## Your task
Would you transcribe each entry exactly as it stands, omitting the pictures?

## The input
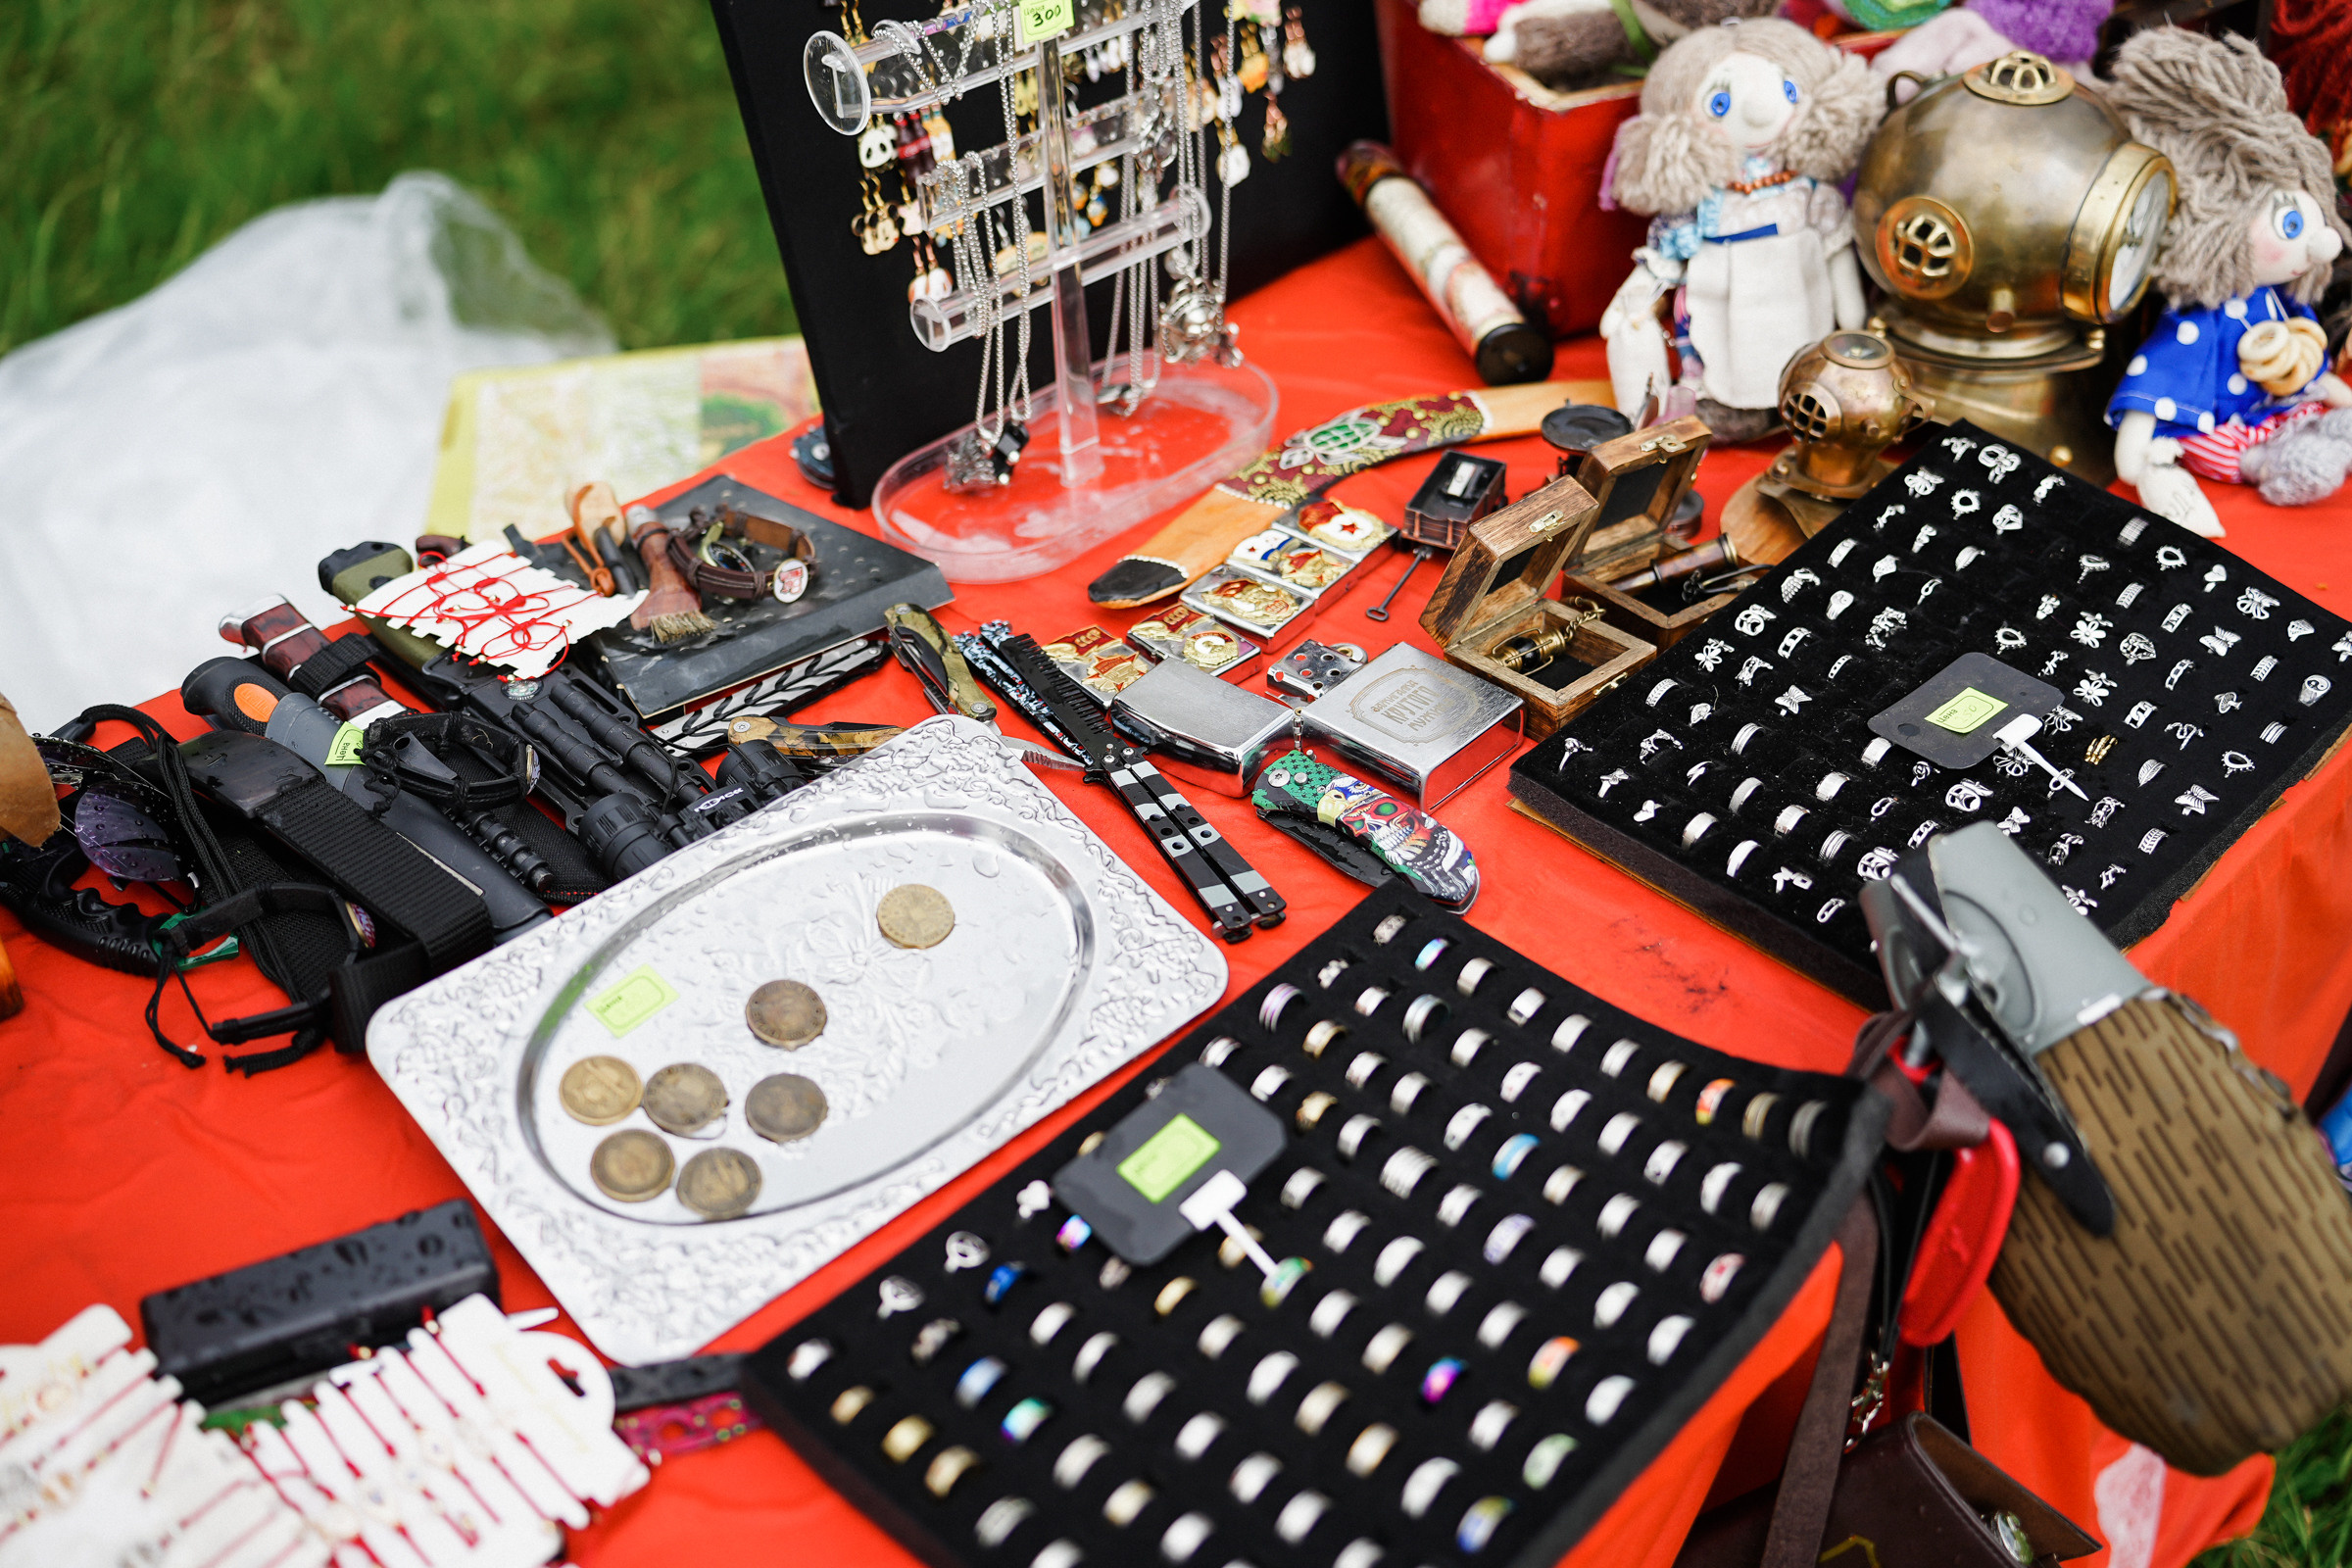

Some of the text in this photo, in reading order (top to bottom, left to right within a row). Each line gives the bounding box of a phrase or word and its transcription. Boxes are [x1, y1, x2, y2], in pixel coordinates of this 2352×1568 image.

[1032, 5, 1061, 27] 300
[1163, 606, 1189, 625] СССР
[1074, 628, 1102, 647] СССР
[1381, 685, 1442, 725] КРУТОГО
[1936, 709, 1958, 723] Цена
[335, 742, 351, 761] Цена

## Exercise output
Some of the text in this photo, in reading order (top to bottom, left to right within a row). Each line gives the bounding box of a phrase or word and its transcription. Boxes are [x1, y1, x2, y2], in pixel coordinates of this 2352×1568 image.

[1032, 5, 1061, 27] 300
[1163, 606, 1189, 625] СССР
[1074, 628, 1102, 647] СССР
[1381, 685, 1442, 725] КРУТОГО
[1936, 709, 1958, 723] Цена
[335, 742, 351, 761] Цена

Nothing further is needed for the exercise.